Among the 25 symptomatic mutation carriers, 0 (0%) were categorized as normal-appearing (i.e., assigned to very early SuStaIn stages at which there is low confidence in the subtype assignment), 20 (80%) were assigned to the temporal subtype, and 5 (20%) were assigned to the frontotemporal subtype. Of the 57 presymptomatic mutation carriers, 48 (84%) were assigned to the normal-appearing group, 3 (5%) were assigned to the temporal subtype, and 6 (11%) were assigned to the frontotemporal subtype. Overall this gave a total of 33 subtypable (i.e., with detectable imaging abnormalities) mutation carriers, with a total of 23 individuals (68%) in the temporal subtype and 11 individuals (32%) in the frontotemporal subtype at baseline.

Subtype Demographics

Table 1 shows the demographics of the normal-appearing group, temporal subtype, and frontotemporal subtype. There were significant differences in age at visit, proportion of symptomatic individuals, and estimated years from onset (EYO) among the 3 groups, but no differences in the proportion of men and women.
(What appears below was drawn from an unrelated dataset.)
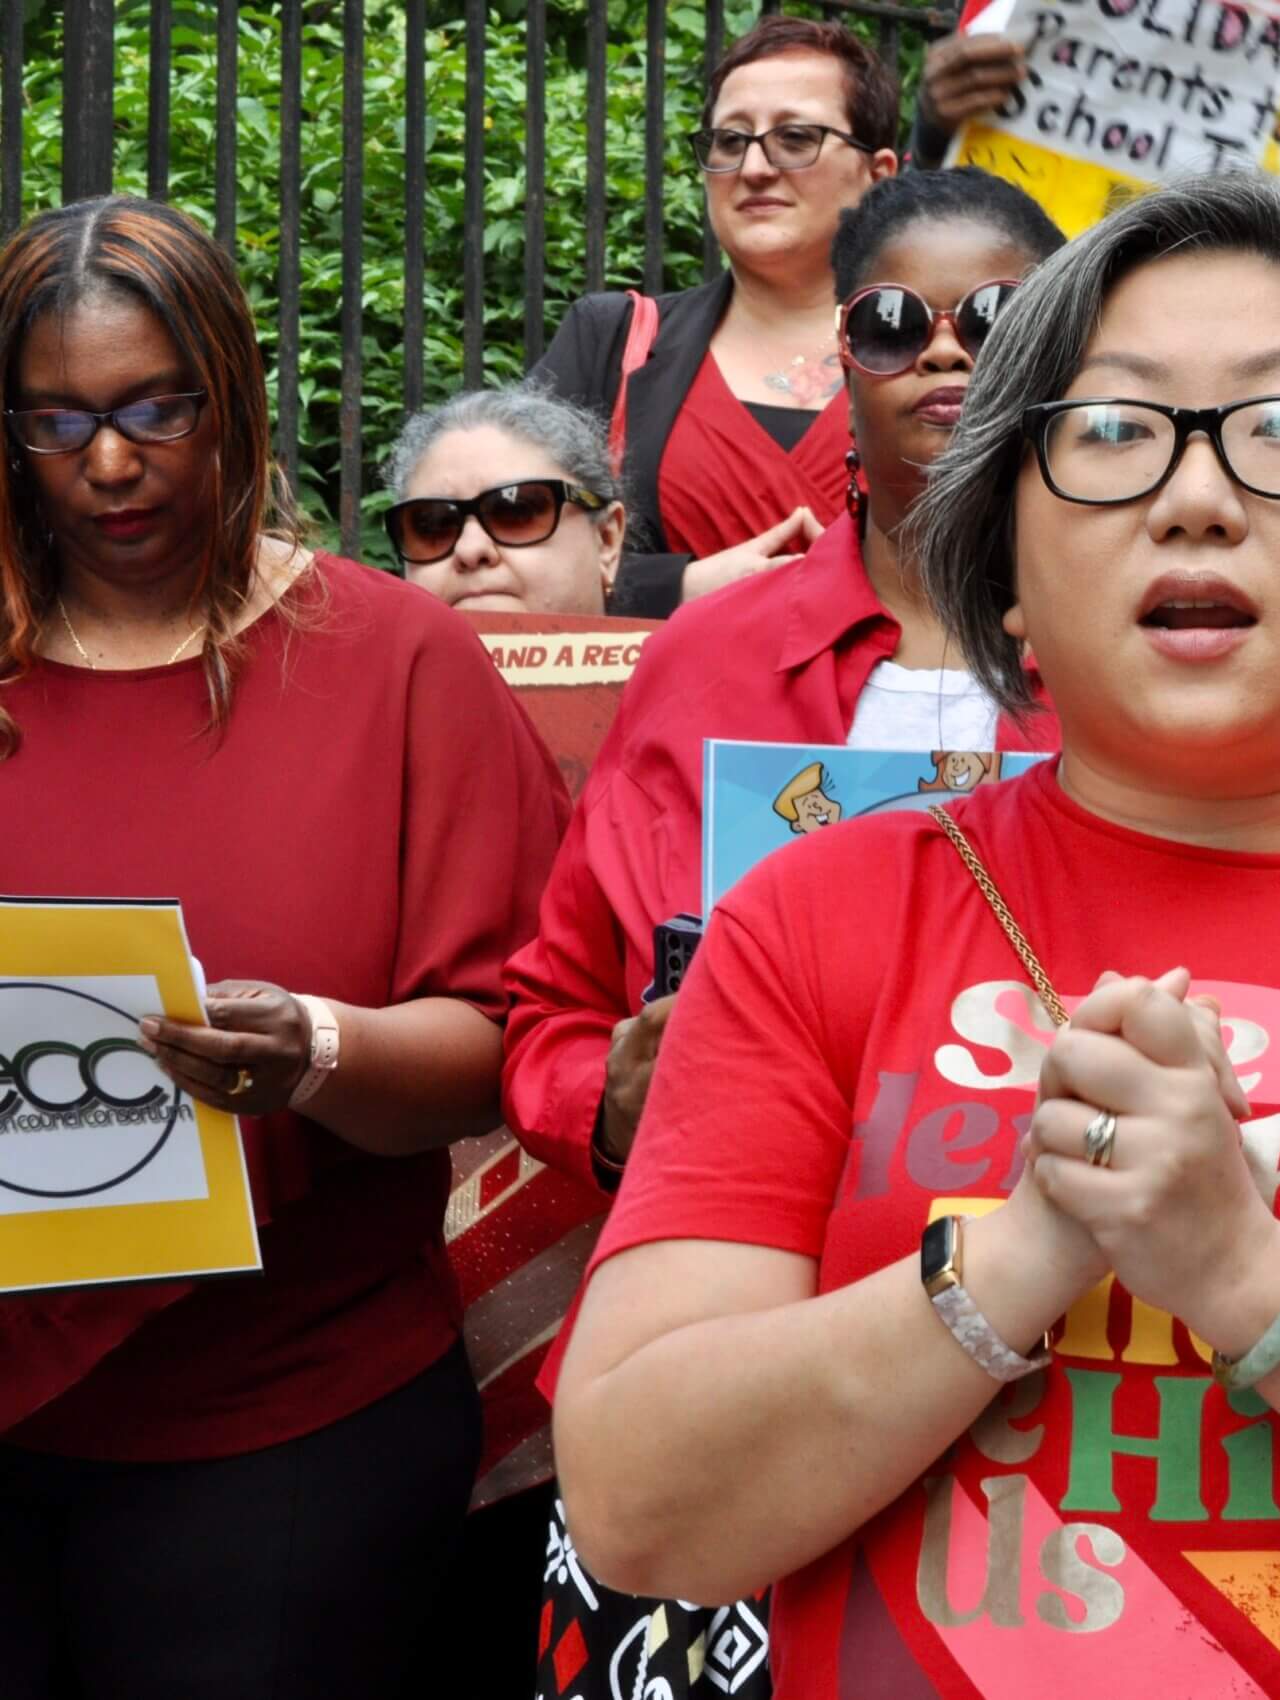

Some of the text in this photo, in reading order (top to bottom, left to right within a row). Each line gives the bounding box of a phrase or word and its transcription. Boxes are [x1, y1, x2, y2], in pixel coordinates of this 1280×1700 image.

The normal-appearing group was the youngest (mean age 38.3 ± 11.1 years), contained no symptomatic individuals, and had the longest estimated time until onset (average EYO of −15.0 ± 11.2 years). The temporal group was the oldest (mean age 59.0 ± 8.9 years), had the highest (87%) proportion of symptomatic individuals, and had the least estimated time until onset (average EYO of 4.8 ± 5.8 years, i.e., past onset). The frontotemporal group had a mean age of 47.7 ± 10.6 years, 45% symptomatic individuals, and an average EYO of −1.7 ± 8.7 years. SuStaIn stage was significantly correlated with EYO in the subtypable mutation carriers (r = 0.54, p ≤ 0.001, n = 34), with a similar correlation coefficient when analyzing each subtype individually (temporal: r = 0.49, p = 0.017, n = 23; frontotemporal: r = 0.51, p = 0.110, n = 11).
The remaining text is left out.